[Free-text object descriptions]
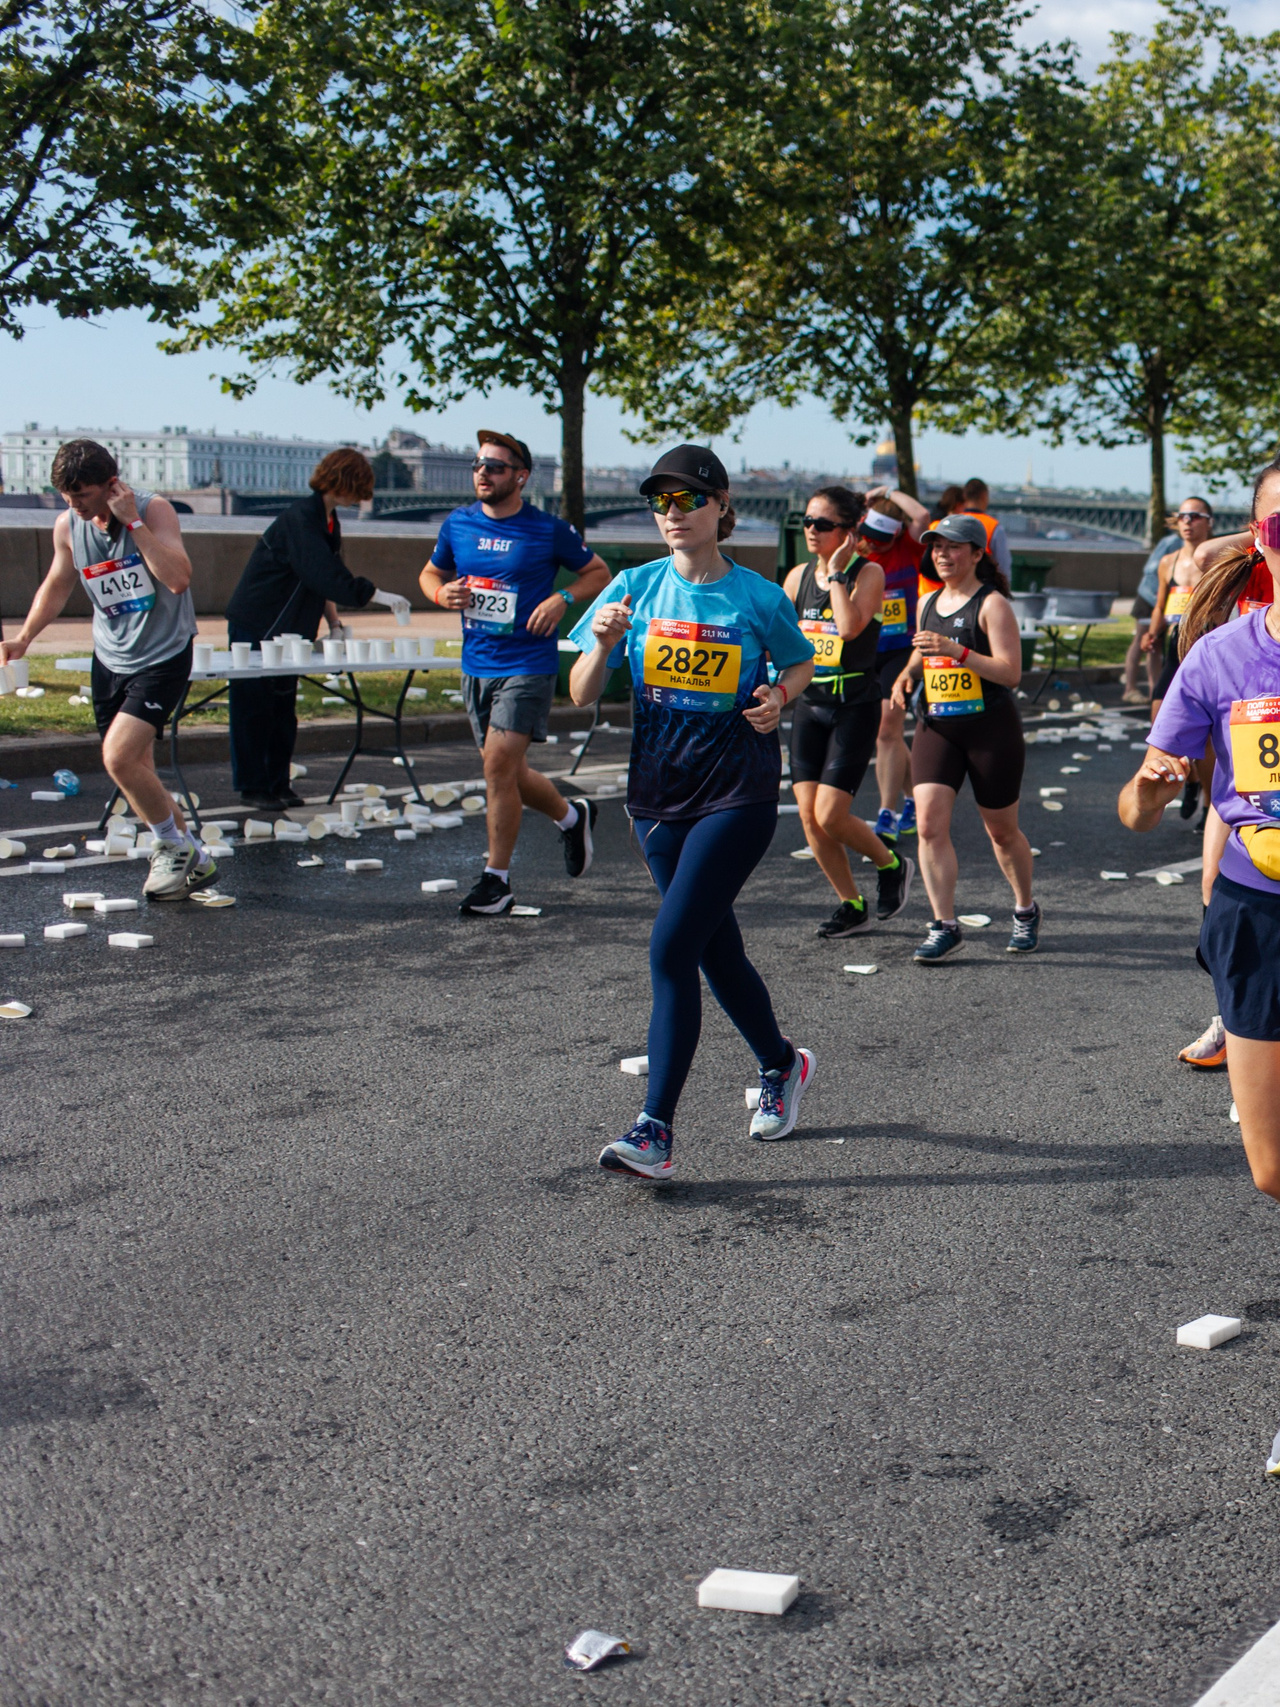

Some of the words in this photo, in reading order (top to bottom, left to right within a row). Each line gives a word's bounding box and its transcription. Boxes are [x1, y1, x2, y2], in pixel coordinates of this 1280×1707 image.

[478, 538, 492, 550] ЗА
[493, 540, 512, 552] БЕГ
[101, 572, 143, 595] 4162
[469, 592, 508, 613] 3923
[884, 602, 901, 617] 68
[660, 626, 690, 634] МАРАФОН
[701, 629, 715, 638] 21,1
[656, 645, 729, 678] 2827
[670, 675, 711, 687] НАТАЛЬЯ
[930, 673, 972, 692] 4878
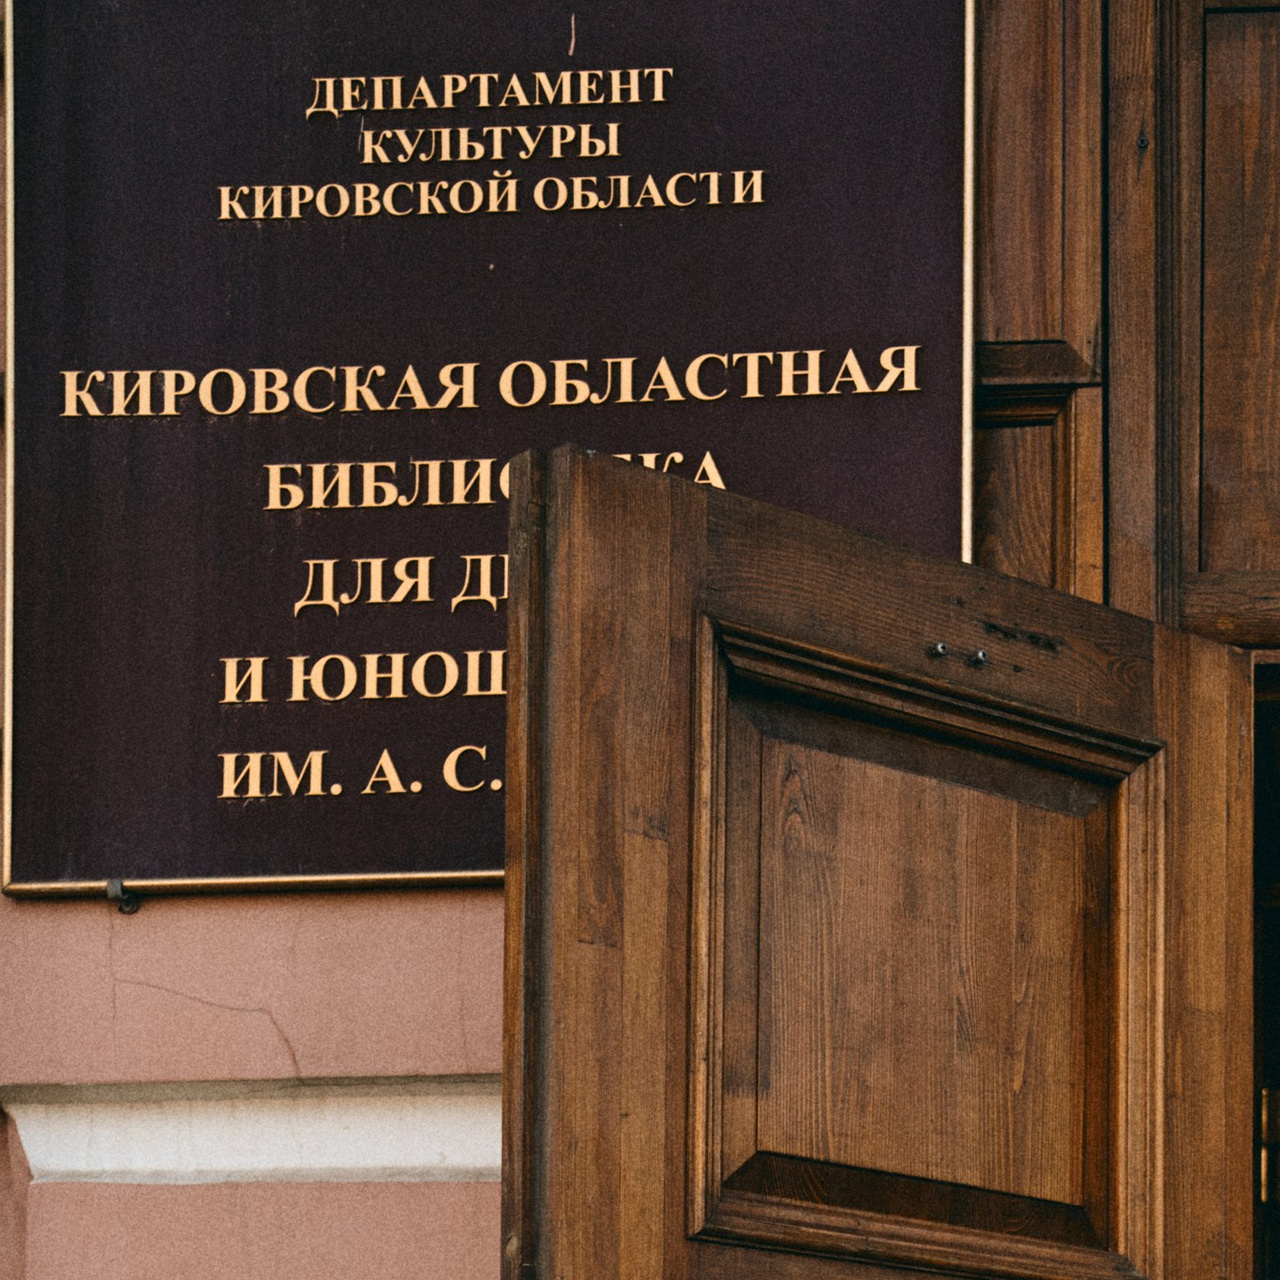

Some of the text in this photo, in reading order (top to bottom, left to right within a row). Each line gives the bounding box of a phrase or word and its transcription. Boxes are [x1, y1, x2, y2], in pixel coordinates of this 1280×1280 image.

[306, 67, 674, 119] ДЕПАРТАМЕНТ
[361, 122, 620, 165] КУЛЬТУРЫ
[218, 170, 765, 220] КИРОВСКОЙ ОБЛАСТИ
[60, 345, 921, 417] КИРОВСКАЯ ОБЛАСТНАЯ
[293, 556, 435, 617] ДЛЯ
[219, 656, 268, 703] И
[217, 745, 503, 799] ИМ. А. С.
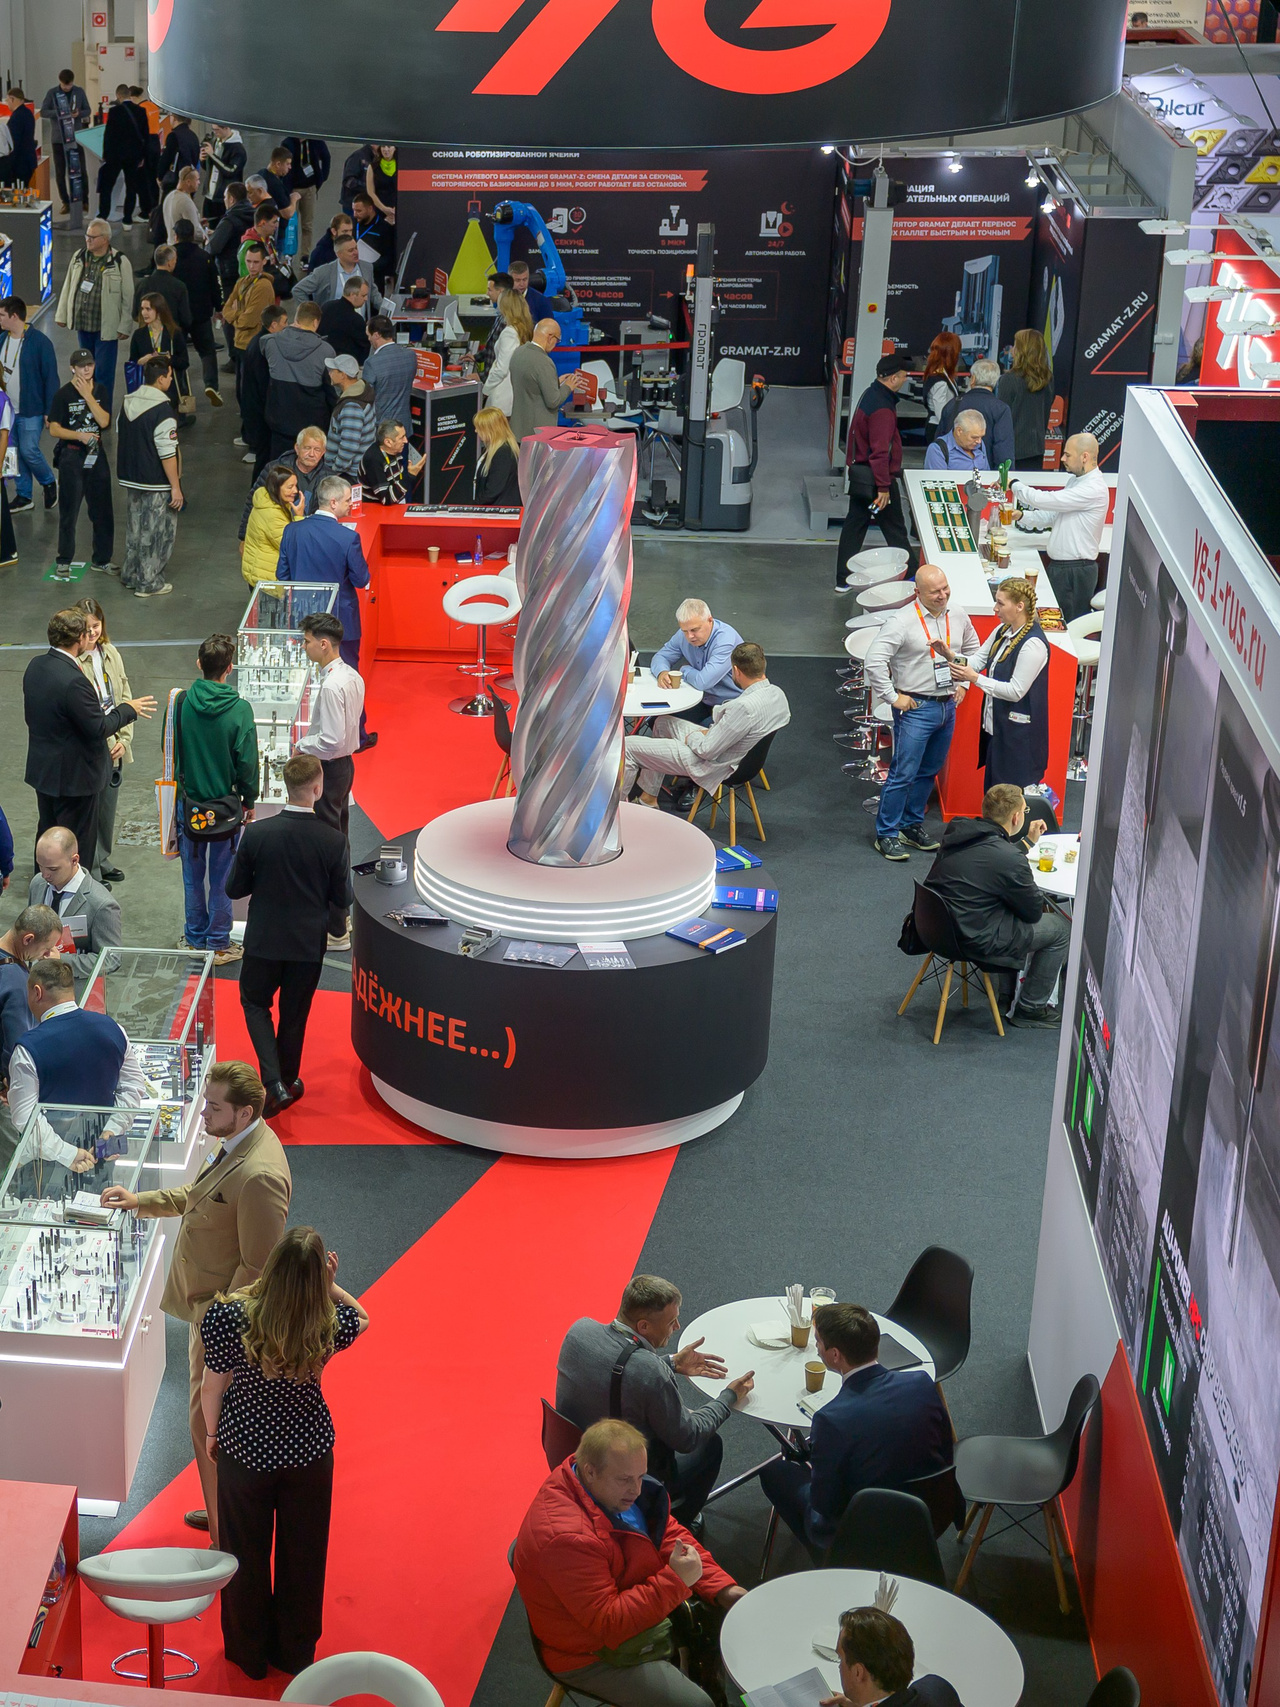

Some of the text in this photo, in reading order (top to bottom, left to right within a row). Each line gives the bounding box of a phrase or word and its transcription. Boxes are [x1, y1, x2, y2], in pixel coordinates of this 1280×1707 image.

### Your objective
Please retype, exactly and with the pictures left out, the lines from the line containing "this 1280×1280 image." through the last line of the records above.

### Written solution
Some of the text in this photo, in reading order (top to bottom, left to right within a row). Each line gives the bounding box of a phrase or word and its transcription. Boxes are [x1, y1, x2, y2], in pixel coordinates of this 1280×1280 image.

[306, 67, 674, 119] ДЕПАРТАМЕНТ
[361, 122, 620, 165] КУЛЬТУРЫ
[218, 170, 765, 220] КИРОВСКОЙ ОБЛАСТИ
[60, 345, 921, 417] КИРОВСКАЯ ОБЛАСТНАЯ
[293, 556, 435, 617] ДЛЯ
[219, 656, 268, 703] И
[217, 745, 503, 799] ИМ. А. С.

Some of the text in this photo, in reading order (top to bottom, left to right within a row). Each line gives the bounding box of a phrase or word and its transcription. Boxes are [x1, y1, x2, y2], in pixel coordinates of this 1280×1707 image.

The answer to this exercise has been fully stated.